Immune signatures of pathogenesis in the peritoneal compartment during early infection of sheep with Fasciola hepatica

Abstract

Immune signatures of sheep acutely-infected with Fasciola hepatica, an important pathogen of livestock and humans were analysed within the peritoneal compartment to investigate early infection. Within the peritoneum, F. hepatica antibodies coincided with an intense innate and adaptive cellular immune response, with infiltrating leukocytes and a marked eosinophilia (49%). However, while cytokine qPCR analysis revealed IL-10, IL-12, IL-13, IL-23 and TGFβ were elevated, these were not statistically different at 18 days post-infection compared to uninfected animals indicating that the immune response is muted and not yet skewed to a Th2 type response that is associated with chronic disease. Proteomic analysis of the peritoneal fluid identified infection-related proteins, including several structural proteins derived from the liver extracellular matrix, connective tissue and epithelium, and proteins related to the immune system.
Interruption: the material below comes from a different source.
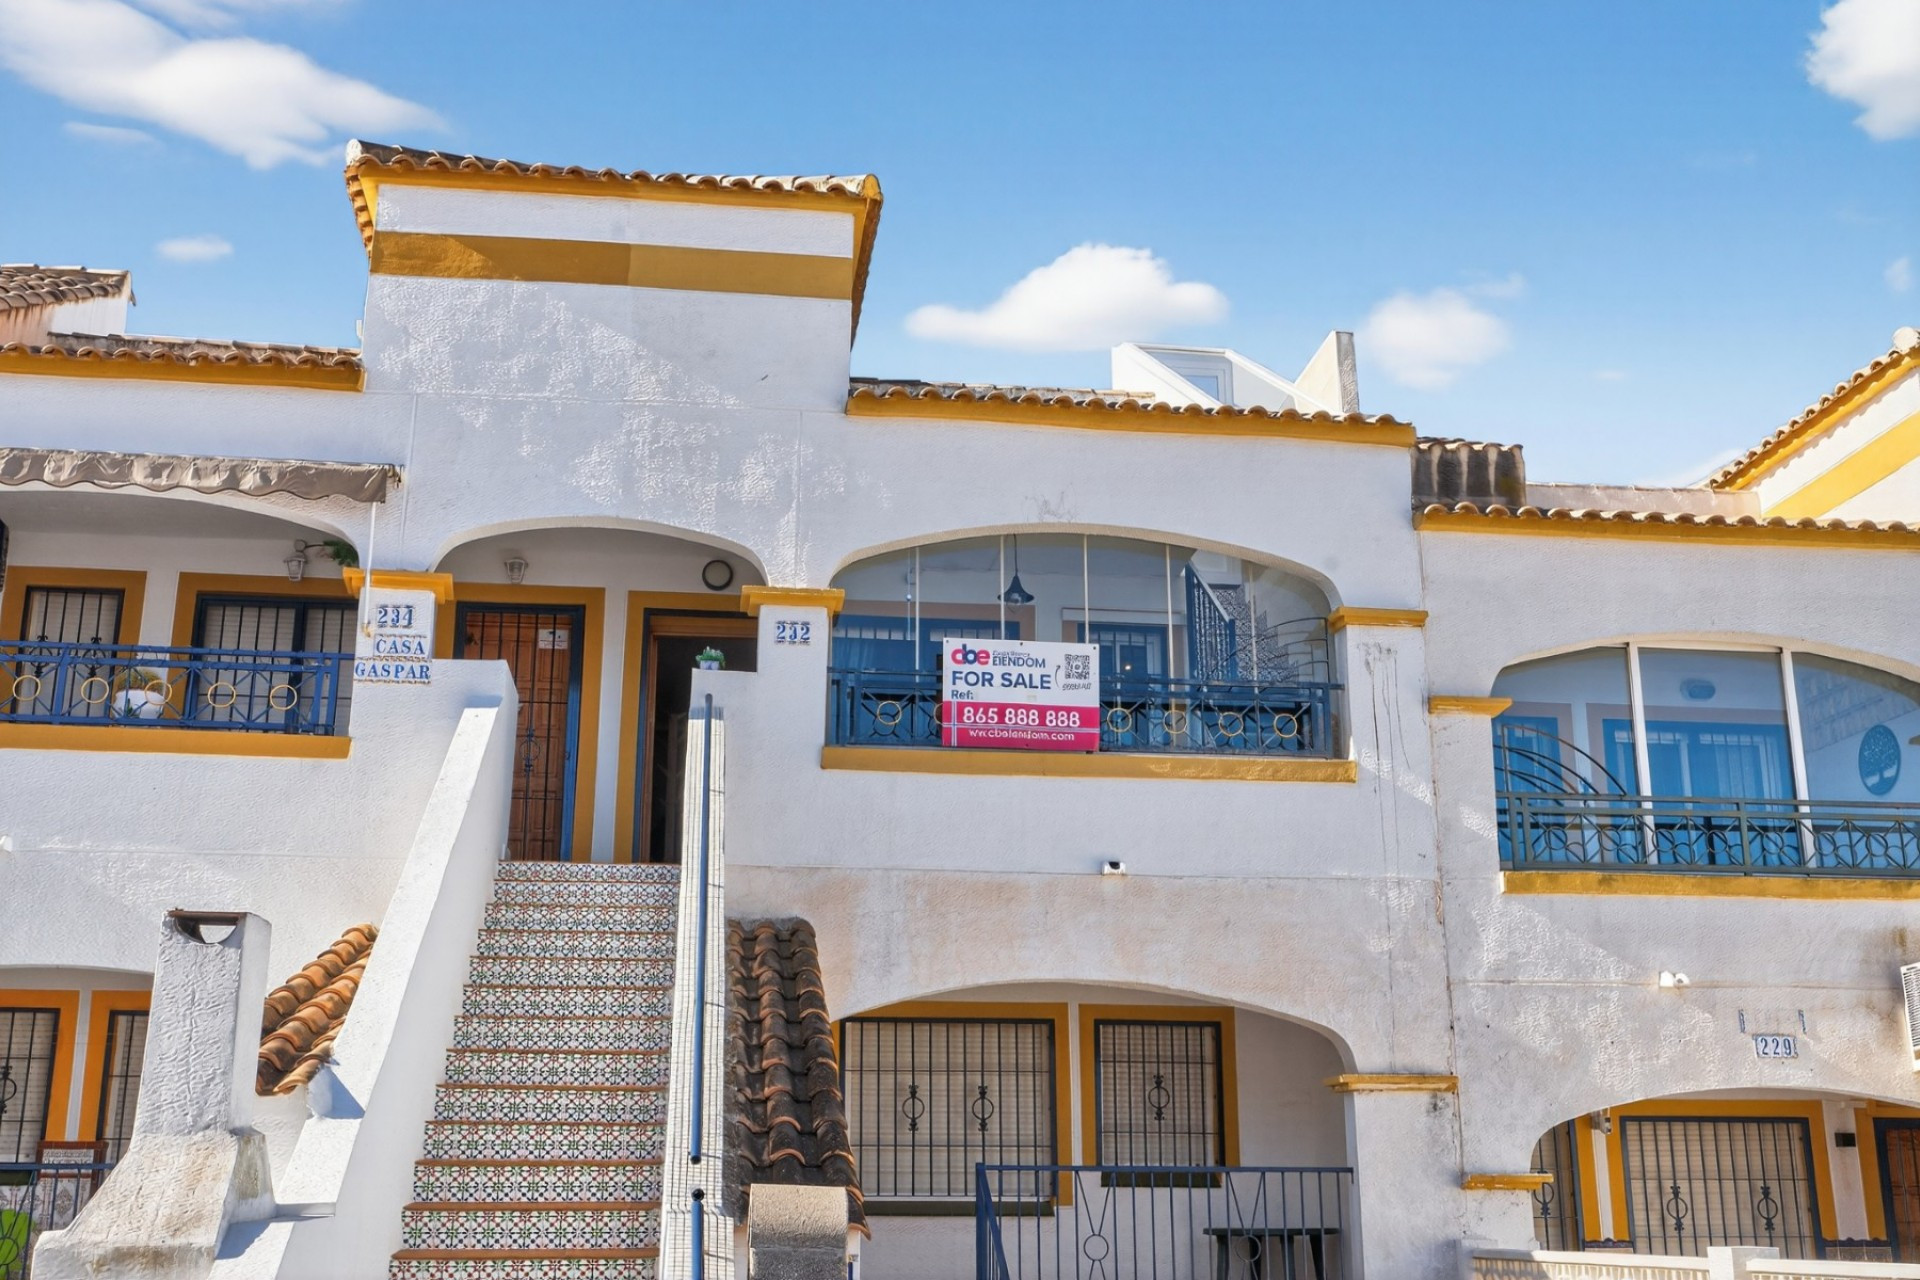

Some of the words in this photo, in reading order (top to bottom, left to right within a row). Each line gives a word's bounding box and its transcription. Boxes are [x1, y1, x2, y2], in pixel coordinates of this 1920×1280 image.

Periostin and vascular cell adhesion protein 1 (VCAM- 1), molecules that mediate leukocyte infiltration and are associated with inflammatory disorders involving marked eosinophilia (e.g. asthma), were particularly elevated in the peritoneum. Immunohistochemical studies indicated that the source of periostin and VCAM-1 was the inflamed sheep liver tissue. This study has revealed previously unknown aspects of the immunology and pathogenesis associated with acute fascioliasis in the peritoneum and liver.